» **Your assignment**
Your answer must repeat the full listing, line for line.
BEGIN Data for the task
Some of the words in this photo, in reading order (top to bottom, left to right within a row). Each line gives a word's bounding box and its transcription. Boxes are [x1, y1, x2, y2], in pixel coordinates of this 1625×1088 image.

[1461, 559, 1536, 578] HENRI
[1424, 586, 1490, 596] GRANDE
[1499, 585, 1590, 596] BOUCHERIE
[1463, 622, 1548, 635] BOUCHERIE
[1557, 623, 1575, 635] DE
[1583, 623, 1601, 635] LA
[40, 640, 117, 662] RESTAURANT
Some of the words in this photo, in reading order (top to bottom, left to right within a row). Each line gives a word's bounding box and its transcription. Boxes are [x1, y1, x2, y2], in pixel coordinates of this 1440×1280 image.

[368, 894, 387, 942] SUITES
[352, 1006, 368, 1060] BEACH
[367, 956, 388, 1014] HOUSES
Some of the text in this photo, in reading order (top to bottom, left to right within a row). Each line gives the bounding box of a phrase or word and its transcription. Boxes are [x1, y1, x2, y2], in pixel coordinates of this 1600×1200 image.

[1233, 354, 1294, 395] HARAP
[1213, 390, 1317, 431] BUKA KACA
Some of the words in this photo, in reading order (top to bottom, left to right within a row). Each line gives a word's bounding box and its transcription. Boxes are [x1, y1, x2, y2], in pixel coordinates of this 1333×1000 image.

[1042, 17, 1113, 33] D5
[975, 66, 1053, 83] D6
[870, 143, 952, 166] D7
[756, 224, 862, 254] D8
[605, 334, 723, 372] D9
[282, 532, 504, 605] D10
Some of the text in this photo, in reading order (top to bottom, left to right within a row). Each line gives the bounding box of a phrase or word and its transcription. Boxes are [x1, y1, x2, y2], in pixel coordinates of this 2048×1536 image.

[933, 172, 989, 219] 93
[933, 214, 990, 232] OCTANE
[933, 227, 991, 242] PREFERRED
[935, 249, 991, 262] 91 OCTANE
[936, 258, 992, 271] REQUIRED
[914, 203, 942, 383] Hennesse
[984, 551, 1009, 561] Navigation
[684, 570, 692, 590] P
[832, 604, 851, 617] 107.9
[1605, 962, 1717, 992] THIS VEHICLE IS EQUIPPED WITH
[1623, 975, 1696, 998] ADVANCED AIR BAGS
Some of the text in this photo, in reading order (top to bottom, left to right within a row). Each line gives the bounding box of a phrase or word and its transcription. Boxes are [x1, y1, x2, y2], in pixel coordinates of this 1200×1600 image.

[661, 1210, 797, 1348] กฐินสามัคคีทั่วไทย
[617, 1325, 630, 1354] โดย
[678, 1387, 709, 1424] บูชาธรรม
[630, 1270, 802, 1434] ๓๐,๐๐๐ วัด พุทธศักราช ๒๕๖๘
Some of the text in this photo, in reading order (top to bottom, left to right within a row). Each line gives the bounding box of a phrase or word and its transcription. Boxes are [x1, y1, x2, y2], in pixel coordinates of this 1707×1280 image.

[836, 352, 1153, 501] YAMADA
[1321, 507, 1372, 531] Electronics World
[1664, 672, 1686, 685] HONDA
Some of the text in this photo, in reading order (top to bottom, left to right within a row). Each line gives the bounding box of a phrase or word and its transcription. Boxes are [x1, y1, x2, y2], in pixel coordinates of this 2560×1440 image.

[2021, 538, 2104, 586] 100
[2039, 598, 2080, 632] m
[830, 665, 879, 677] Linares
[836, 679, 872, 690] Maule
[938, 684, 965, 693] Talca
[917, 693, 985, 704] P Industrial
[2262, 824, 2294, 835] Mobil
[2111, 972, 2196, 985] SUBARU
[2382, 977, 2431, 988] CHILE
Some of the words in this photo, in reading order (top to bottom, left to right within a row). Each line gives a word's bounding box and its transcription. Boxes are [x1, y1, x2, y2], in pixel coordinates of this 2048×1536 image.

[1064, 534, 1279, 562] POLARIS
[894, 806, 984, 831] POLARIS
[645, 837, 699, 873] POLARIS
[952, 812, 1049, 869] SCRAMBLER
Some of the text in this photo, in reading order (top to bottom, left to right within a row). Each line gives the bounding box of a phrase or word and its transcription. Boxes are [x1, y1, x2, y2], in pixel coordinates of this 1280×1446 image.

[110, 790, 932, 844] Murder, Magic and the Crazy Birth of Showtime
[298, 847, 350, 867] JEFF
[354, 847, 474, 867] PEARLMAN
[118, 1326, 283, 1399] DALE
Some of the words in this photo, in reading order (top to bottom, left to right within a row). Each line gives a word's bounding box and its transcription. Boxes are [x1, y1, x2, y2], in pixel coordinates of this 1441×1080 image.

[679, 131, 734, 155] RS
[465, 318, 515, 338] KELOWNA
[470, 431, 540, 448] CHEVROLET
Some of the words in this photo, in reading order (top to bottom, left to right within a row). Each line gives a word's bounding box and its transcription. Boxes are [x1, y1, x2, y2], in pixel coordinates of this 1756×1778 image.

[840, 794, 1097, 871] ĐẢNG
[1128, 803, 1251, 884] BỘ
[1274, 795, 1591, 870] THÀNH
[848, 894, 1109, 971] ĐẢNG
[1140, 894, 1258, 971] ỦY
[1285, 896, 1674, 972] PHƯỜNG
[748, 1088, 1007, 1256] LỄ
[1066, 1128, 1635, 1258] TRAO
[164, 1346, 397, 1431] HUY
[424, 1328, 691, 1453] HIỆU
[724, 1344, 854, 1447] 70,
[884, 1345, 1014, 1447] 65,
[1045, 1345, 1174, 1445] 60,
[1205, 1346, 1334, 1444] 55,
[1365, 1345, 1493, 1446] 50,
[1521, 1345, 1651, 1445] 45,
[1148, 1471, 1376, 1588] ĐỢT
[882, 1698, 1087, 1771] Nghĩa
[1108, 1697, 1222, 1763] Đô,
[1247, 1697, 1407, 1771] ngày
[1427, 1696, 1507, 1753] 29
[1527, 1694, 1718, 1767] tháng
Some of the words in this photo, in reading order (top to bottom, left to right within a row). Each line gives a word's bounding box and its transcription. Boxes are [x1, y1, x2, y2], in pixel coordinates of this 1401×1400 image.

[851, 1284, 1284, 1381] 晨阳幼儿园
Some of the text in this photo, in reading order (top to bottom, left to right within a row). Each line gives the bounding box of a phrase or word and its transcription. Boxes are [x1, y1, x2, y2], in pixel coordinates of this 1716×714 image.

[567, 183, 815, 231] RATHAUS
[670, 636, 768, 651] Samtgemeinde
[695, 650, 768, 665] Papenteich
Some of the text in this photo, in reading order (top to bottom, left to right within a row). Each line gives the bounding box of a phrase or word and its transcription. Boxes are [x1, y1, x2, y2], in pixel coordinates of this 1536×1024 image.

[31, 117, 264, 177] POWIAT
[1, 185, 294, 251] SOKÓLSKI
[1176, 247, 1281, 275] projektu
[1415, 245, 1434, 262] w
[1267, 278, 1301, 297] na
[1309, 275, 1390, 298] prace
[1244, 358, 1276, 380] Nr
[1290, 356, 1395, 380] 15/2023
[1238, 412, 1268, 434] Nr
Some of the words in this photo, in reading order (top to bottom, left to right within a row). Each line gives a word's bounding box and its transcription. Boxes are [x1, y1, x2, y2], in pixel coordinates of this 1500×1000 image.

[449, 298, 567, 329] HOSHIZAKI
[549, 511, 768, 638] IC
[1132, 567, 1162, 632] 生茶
END Data for the task
» **Expected output**
Some of the words in this photo, in reading order (top to bottom, left to right within a row). Each line gives a word's bounding box and its transcription. Boxes are [x1, y1, x2, y2], in pixel coordinates of this 1625×1088 image.

[1461, 559, 1536, 578] HENRI
[1424, 586, 1490, 596] GRANDE
[1499, 585, 1590, 596] BOUCHERIE
[1463, 622, 1548, 635] BOUCHERIE
[1557, 623, 1575, 635] DE
[1583, 623, 1601, 635] LA
[40, 640, 117, 662] RESTAURANT
Some of the words in this photo, in reading order (top to bottom, left to right within a row). Each line gives a word's bounding box and its transcription. Boxes are [x1, y1, x2, y2], in pixel coordinates of this 1440×1280 image.

[368, 894, 387, 942] SUITES
[352, 1006, 368, 1060] BEACH
[367, 956, 388, 1014] HOUSES
Some of the text in this photo, in reading order (top to bottom, left to right within a row). Each line gives the bounding box of a phrase or word and its transcription. Boxes are [x1, y1, x2, y2], in pixel coordinates of this 1600×1200 image.

[1233, 354, 1294, 395] HARAP
[1213, 390, 1317, 431] BUKA KACA
Some of the words in this photo, in reading order (top to bottom, left to right within a row). Each line gives a word's bounding box and its transcription. Boxes are [x1, y1, x2, y2], in pixel coordinates of this 1333×1000 image.

[1042, 17, 1113, 33] D5
[975, 66, 1053, 83] D6
[870, 143, 952, 166] D7
[756, 224, 862, 254] D8
[605, 334, 723, 372] D9
[282, 532, 504, 605] D10
Some of the text in this photo, in reading order (top to bottom, left to right within a row). Each line gives the bounding box of a phrase or word and its transcription. Boxes are [x1, y1, x2, y2], in pixel coordinates of this 2048×1536 image.

[933, 172, 989, 219] 93
[933, 214, 990, 232] OCTANE
[933, 227, 991, 242] PREFERRED
[935, 249, 991, 262] 91 OCTANE
[936, 258, 992, 271] REQUIRED
[914, 203, 942, 383] Hennesse
[984, 551, 1009, 561] Navigation
[684, 570, 692, 590] P
[832, 604, 851, 617] 107.9
[1605, 962, 1717, 992] THIS VEHICLE IS EQUIPPED WITH
[1623, 975, 1696, 998] ADVANCED AIR BAGS
Some of the text in this photo, in reading order (top to bottom, left to right within a row). Each line gives the bounding box of a phrase or word and its transcription. Boxes are [x1, y1, x2, y2], in pixel coordinates of this 1200×1600 image.

[661, 1210, 797, 1348] กฐินสามัคคีทั่วไทย
[617, 1325, 630, 1354] โดย
[678, 1387, 709, 1424] บูชาธรรม
[630, 1270, 802, 1434] ๓๐,๐๐๐ วัด พุทธศักราช ๒๕๖๘
Some of the text in this photo, in reading order (top to bottom, left to right within a row). Each line gives the bounding box of a phrase or word and its transcription. Boxes are [x1, y1, x2, y2], in pixel coordinates of this 1707×1280 image.

[836, 352, 1153, 501] YAMADA
[1321, 507, 1372, 531] Electronics World
[1664, 672, 1686, 685] HONDA
Some of the text in this photo, in reading order (top to bottom, left to right within a row). Each line gives the bounding box of a phrase or word and its transcription. Boxes are [x1, y1, x2, y2], in pixel coordinates of this 2560×1440 image.

[2021, 538, 2104, 586] 100
[2039, 598, 2080, 632] m
[830, 665, 879, 677] Linares
[836, 679, 872, 690] Maule
[938, 684, 965, 693] Talca
[917, 693, 985, 704] P Industrial
[2262, 824, 2294, 835] Mobil
[2111, 972, 2196, 985] SUBARU
[2382, 977, 2431, 988] CHILE
Some of the words in this photo, in reading order (top to bottom, left to right within a row). Each line gives a word's bounding box and its transcription. Boxes are [x1, y1, x2, y2], in pixel coordinates of this 2048×1536 image.

[1064, 534, 1279, 562] POLARIS
[894, 806, 984, 831] POLARIS
[645, 837, 699, 873] POLARIS
[952, 812, 1049, 869] SCRAMBLER
Some of the text in this photo, in reading order (top to bottom, left to right within a row). Each line gives the bounding box of a phrase or word and its transcription. Boxes are [x1, y1, x2, y2], in pixel coordinates of this 1280×1446 image.

[110, 790, 932, 844] Murder, Magic and the Crazy Birth of Showtime
[298, 847, 350, 867] JEFF
[354, 847, 474, 867] PEARLMAN
[118, 1326, 283, 1399] DALE
Some of the words in this photo, in reading order (top to bottom, left to right within a row). Each line gives a word's bounding box and its transcription. Boxes are [x1, y1, x2, y2], in pixel coordinates of this 1441×1080 image.

[679, 131, 734, 155] RS
[465, 318, 515, 338] KELOWNA
[470, 431, 540, 448] CHEVROLET
Some of the words in this photo, in reading order (top to bottom, left to right within a row). Each line gives a word's bounding box and its transcription. Boxes are [x1, y1, x2, y2], in pixel coordinates of this 1756×1778 image.

[840, 794, 1097, 871] ĐẢNG
[1128, 803, 1251, 884] BỘ
[1274, 795, 1591, 870] THÀNH
[848, 894, 1109, 971] ĐẢNG
[1140, 894, 1258, 971] ỦY
[1285, 896, 1674, 972] PHƯỜNG
[748, 1088, 1007, 1256] LỄ
[1066, 1128, 1635, 1258] TRAO
[164, 1346, 397, 1431] HUY
[424, 1328, 691, 1453] HIỆU
[724, 1344, 854, 1447] 70,
[884, 1345, 1014, 1447] 65,
[1045, 1345, 1174, 1445] 60,
[1205, 1346, 1334, 1444] 55,
[1365, 1345, 1493, 1446] 50,
[1521, 1345, 1651, 1445] 45,
[1148, 1471, 1376, 1588] ĐỢT
[882, 1698, 1087, 1771] Nghĩa
[1108, 1697, 1222, 1763] Đô,
[1247, 1697, 1407, 1771] ngày
[1427, 1696, 1507, 1753] 29
[1527, 1694, 1718, 1767] tháng
Some of the words in this photo, in reading order (top to bottom, left to right within a row). Each line gives a word's bounding box and its transcription. Boxes are [x1, y1, x2, y2], in pixel coordinates of this 1401×1400 image.

[851, 1284, 1284, 1381] 晨阳幼儿园
Some of the text in this photo, in reading order (top to bottom, left to right within a row). Each line gives the bounding box of a phrase or word and its transcription. Boxes are [x1, y1, x2, y2], in pixel coordinates of this 1716×714 image.

[567, 183, 815, 231] RATHAUS
[670, 636, 768, 651] Samtgemeinde
[695, 650, 768, 665] Papenteich
Some of the text in this photo, in reading order (top to bottom, left to right within a row). Each line gives the bounding box of a phrase or word and its transcription. Boxes are [x1, y1, x2, y2], in pixel coordinates of this 1536×1024 image.

[31, 117, 264, 177] POWIAT
[1, 185, 294, 251] SOKÓLSKI
[1176, 247, 1281, 275] projektu
[1415, 245, 1434, 262] w
[1267, 278, 1301, 297] na
[1309, 275, 1390, 298] prace
[1244, 358, 1276, 380] Nr
[1290, 356, 1395, 380] 15/2023
[1238, 412, 1268, 434] Nr
Some of the words in this photo, in reading order (top to bottom, left to right within a row). Each line gives a word's bounding box and its transcription. Boxes are [x1, y1, x2, y2], in pixel coordinates of this 1500×1000 image.

[449, 298, 567, 329] HOSHIZAKI
[549, 511, 768, 638] IC
[1132, 567, 1162, 632] 生茶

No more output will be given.